(Recorded data)
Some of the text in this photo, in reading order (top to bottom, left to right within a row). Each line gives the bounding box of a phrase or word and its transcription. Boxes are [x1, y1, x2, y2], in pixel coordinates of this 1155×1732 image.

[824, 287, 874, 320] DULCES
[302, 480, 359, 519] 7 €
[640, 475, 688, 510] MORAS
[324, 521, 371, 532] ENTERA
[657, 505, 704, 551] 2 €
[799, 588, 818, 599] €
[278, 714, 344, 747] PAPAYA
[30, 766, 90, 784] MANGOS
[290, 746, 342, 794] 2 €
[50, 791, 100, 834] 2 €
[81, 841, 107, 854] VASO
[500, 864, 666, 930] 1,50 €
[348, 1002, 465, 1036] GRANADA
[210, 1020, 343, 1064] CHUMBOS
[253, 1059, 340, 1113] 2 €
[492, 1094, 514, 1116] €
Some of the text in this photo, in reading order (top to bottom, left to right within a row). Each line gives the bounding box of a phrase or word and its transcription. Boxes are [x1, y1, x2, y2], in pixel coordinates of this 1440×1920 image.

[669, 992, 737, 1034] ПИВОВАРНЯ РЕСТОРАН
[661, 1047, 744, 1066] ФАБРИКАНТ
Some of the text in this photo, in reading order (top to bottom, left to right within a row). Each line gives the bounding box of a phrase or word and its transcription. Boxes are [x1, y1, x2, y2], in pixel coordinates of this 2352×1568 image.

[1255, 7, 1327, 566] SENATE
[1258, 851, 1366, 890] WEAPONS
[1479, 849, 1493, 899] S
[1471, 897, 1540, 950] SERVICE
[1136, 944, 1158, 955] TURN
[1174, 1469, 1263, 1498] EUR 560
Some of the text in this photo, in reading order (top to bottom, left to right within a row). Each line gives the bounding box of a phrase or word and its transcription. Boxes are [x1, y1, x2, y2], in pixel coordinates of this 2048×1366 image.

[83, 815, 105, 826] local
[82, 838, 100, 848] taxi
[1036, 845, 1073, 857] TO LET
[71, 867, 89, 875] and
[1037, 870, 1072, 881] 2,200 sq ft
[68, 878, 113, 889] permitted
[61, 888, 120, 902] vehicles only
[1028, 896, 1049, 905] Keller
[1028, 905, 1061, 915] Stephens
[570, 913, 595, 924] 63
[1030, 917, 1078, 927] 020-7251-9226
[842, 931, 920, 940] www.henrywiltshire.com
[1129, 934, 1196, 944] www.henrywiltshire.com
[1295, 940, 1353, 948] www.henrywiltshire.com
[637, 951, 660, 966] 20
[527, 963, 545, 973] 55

WHAT THIS TASK INVOLVES
All records above are to be returned exactly as given.

RESULT OF THIS TASK
Some of the text in this photo, in reading order (top to bottom, left to right within a row). Each line gives the bounding box of a phrase or word and its transcription. Boxes are [x1, y1, x2, y2], in pixel coordinates of this 1155×1732 image.

[824, 287, 874, 320] DULCES
[302, 480, 359, 519] 7 €
[640, 475, 688, 510] MORAS
[324, 521, 371, 532] ENTERA
[657, 505, 704, 551] 2 €
[799, 588, 818, 599] €
[278, 714, 344, 747] PAPAYA
[30, 766, 90, 784] MANGOS
[290, 746, 342, 794] 2 €
[50, 791, 100, 834] 2 €
[81, 841, 107, 854] VASO
[500, 864, 666, 930] 1,50 €
[348, 1002, 465, 1036] GRANADA
[210, 1020, 343, 1064] CHUMBOS
[253, 1059, 340, 1113] 2 €
[492, 1094, 514, 1116] €
Some of the text in this photo, in reading order (top to bottom, left to right within a row). Each line gives the bounding box of a phrase or word and its transcription. Boxes are [x1, y1, x2, y2], in pixel coordinates of this 1440×1920 image.

[669, 992, 737, 1034] ПИВОВАРНЯ РЕСТОРАН
[661, 1047, 744, 1066] ФАБРИКАНТ
Some of the text in this photo, in reading order (top to bottom, left to right within a row). Each line gives the bounding box of a phrase or word and its transcription. Boxes are [x1, y1, x2, y2], in pixel coordinates of this 2352×1568 image.

[1255, 7, 1327, 566] SENATE
[1258, 851, 1366, 890] WEAPONS
[1479, 849, 1493, 899] S
[1471, 897, 1540, 950] SERVICE
[1136, 944, 1158, 955] TURN
[1174, 1469, 1263, 1498] EUR 560
Some of the text in this photo, in reading order (top to bottom, left to right within a row). Each line gives the bounding box of a phrase or word and its transcription. Boxes are [x1, y1, x2, y2], in pixel coordinates of this 2048×1366 image.

[83, 815, 105, 826] local
[82, 838, 100, 848] taxi
[1036, 845, 1073, 857] TO LET
[71, 867, 89, 875] and
[1037, 870, 1072, 881] 2,200 sq ft
[68, 878, 113, 889] permitted
[61, 888, 120, 902] vehicles only
[1028, 896, 1049, 905] Keller
[1028, 905, 1061, 915] Stephens
[570, 913, 595, 924] 63
[1030, 917, 1078, 927] 020-7251-9226
[842, 931, 920, 940] www.henrywiltshire.com
[1129, 934, 1196, 944] www.henrywiltshire.com
[1295, 940, 1353, 948] www.henrywiltshire.com
[637, 951, 660, 966] 20
[527, 963, 545, 973] 55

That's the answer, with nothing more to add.